1. Strangling as a the manner of death for Shan’ann was the position from the very first book. The autopsy has since proved this to be true.

2. No defensive wounds on Shan’ann. The autopsy has proved what the trilogy has maintained all along, that it was a stealth attack and murder.

3. Chris Watts had a slight contusion on his neck. During the sentencing hearing the District Attorney noted this as the only recent injury Watts suffered when he was photographed from head to toe.
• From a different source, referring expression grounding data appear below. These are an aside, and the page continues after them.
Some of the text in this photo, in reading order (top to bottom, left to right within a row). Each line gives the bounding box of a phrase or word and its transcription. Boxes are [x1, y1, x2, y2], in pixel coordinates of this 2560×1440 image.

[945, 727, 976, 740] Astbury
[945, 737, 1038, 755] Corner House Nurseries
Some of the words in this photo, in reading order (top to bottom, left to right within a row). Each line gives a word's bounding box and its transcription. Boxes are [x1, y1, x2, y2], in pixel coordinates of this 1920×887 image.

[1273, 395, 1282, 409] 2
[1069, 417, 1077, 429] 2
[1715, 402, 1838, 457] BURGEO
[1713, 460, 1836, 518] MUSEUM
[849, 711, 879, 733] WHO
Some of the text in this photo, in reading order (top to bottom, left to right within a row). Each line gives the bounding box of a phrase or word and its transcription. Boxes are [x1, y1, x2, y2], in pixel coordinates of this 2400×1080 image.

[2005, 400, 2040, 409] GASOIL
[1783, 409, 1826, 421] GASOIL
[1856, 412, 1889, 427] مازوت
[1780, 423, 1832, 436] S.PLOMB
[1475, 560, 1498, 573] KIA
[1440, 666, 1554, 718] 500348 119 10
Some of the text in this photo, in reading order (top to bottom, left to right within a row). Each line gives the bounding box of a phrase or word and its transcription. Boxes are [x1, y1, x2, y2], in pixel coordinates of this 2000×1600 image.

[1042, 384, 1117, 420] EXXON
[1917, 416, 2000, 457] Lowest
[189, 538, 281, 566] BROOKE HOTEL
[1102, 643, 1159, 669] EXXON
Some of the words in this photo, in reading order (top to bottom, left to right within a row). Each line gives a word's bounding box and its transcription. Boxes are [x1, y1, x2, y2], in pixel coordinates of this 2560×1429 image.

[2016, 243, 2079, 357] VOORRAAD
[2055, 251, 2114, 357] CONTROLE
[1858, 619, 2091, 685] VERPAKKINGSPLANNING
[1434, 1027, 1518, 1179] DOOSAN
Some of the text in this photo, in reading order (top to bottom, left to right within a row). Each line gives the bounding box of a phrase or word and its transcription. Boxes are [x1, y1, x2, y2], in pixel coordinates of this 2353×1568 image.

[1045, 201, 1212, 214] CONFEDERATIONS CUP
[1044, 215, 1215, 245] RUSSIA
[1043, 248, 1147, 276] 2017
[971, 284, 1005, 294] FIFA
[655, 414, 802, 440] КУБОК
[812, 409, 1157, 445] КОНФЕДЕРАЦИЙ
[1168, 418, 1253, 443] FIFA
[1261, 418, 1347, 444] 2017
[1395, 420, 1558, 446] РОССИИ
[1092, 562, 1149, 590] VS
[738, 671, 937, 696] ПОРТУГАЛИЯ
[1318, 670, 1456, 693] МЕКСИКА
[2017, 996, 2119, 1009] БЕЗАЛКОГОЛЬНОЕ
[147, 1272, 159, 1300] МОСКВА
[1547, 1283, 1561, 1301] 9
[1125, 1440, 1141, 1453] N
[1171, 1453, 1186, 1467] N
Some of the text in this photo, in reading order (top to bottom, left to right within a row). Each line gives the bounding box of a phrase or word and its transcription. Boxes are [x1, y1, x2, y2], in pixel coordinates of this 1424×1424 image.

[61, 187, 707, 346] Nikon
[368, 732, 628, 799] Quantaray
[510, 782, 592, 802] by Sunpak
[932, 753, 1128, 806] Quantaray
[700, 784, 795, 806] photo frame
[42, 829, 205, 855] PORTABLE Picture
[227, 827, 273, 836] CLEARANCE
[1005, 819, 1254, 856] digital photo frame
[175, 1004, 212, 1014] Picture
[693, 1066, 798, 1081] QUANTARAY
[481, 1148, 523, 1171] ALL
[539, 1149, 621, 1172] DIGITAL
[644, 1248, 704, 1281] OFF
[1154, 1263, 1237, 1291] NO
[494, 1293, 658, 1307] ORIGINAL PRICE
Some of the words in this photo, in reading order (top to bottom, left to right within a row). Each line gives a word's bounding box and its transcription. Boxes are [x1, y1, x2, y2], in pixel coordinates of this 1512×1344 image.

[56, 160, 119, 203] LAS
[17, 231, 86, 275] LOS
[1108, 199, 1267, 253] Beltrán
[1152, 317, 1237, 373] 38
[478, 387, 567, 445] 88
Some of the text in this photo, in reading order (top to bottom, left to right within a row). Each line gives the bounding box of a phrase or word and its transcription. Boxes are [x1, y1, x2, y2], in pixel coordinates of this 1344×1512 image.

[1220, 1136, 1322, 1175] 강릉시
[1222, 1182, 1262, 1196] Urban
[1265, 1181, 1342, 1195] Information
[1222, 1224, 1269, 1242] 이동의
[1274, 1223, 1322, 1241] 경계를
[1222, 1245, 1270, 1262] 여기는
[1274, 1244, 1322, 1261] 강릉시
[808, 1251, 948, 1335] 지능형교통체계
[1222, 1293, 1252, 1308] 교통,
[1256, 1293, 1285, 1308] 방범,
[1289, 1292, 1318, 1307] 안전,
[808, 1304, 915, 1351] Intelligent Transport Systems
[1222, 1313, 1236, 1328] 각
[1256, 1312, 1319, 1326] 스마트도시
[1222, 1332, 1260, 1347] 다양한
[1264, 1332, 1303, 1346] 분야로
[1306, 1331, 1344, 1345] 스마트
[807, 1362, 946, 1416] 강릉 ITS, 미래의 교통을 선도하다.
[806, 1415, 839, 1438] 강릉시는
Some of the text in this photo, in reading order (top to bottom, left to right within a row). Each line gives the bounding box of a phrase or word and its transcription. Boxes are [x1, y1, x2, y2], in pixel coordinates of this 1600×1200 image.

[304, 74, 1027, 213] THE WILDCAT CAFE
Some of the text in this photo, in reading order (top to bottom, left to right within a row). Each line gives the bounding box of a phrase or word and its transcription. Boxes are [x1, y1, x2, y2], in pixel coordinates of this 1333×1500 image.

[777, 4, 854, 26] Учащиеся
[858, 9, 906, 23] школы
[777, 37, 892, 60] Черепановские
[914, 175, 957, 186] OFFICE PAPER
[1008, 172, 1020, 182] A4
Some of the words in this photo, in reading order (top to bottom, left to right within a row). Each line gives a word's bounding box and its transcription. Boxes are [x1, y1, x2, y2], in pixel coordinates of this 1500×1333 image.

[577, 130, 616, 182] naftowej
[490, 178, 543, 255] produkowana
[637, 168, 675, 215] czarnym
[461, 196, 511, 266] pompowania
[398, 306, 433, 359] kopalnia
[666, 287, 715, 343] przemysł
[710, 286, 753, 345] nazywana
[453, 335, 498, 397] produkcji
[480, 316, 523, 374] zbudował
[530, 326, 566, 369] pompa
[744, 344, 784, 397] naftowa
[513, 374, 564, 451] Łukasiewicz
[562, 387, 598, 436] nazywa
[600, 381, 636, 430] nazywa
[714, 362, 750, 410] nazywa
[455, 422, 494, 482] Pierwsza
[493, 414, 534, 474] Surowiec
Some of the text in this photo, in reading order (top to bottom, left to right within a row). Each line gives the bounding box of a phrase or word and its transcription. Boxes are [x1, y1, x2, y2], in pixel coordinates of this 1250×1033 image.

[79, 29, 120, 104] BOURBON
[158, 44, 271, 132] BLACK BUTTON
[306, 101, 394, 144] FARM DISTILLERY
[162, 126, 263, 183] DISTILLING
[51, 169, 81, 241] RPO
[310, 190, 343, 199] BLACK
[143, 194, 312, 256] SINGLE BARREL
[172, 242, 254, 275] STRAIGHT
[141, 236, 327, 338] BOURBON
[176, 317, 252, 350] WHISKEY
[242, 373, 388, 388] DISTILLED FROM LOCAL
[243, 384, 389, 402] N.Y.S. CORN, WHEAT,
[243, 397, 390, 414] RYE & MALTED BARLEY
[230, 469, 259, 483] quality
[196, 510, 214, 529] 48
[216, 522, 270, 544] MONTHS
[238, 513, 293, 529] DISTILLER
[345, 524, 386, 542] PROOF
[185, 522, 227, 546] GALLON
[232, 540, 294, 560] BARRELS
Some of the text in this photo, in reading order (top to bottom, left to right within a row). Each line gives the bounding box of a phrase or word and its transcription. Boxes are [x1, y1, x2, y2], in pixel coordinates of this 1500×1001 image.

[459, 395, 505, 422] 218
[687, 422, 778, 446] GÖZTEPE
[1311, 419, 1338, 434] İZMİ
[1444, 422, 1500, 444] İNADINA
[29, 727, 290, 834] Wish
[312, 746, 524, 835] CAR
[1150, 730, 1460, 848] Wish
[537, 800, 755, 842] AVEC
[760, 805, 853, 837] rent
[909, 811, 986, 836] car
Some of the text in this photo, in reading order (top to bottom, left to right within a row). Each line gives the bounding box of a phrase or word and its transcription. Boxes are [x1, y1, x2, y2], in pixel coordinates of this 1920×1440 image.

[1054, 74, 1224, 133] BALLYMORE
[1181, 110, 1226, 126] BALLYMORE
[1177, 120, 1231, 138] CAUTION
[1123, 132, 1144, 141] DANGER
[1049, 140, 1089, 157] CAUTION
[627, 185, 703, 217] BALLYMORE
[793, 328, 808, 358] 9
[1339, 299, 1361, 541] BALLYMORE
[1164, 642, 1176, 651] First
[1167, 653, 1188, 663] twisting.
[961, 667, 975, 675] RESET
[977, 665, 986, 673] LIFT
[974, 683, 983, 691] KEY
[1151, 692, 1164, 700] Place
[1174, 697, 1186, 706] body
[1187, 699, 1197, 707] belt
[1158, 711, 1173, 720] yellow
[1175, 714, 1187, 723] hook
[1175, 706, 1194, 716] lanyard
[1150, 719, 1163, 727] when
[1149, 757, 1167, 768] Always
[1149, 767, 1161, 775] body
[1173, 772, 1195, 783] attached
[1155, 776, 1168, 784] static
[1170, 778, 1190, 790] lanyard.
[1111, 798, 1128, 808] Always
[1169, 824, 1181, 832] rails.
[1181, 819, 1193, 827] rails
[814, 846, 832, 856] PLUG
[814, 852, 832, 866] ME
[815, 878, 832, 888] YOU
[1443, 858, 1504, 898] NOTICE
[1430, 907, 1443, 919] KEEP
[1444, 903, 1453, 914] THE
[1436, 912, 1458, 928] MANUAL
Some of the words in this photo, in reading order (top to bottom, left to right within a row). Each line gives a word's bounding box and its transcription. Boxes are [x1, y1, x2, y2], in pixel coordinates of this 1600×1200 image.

As early as August 19, Shakedown highlighted this injury [using several highlighted images of the wound] as an extremely likely defensive wound inflicted by Shan’ann during her death throes [Shan’ann had long nails]. This wound was also compared to a similar slight injury to Amanda Knox’s neck found immediately after the death of her housemate, Meredith Kercher.

“He had one small mark on his neck that was observed on the night he was originally interviewed, we don’t know if that’s related or not, but other than that, no, we had him photographed from head to toe that night and nothing was observed that could be consistent with injuries to him as result of a struggle.”  —Carl Blesch, Weld County Coroner

4. That all the murders were premeditated. None of them were spur of the moment or in a rage. There was an enormous push back from many readers who felt, because Chris Watts said they had a row which led to an argument, that’s how the murder happened. Don’t always believe what I lying murderer asks you to believe.

5. The time it took to murder Shan’ann has been brought up repeatedly as a sign of Chris Watts’ strong intentionality to commit murder. The District Attorney also brought up the “slow death” that a strangling invokes, as long as 2-4 silent minutes of desperate but fruitless struggle for survival.

6. That the murders and dumping of the bodies were disguised through “plausible deniability”. In other words, far from being the bumbling crime many have epitomized this crime as, Watts was carefully trying to hide the crime in plain site by integrating it [without being seen or detected] in his work day. His call to a co-worker on the evening before dumping the remains reinforces this notion of a carefully calculated and co-ordinated crime as well.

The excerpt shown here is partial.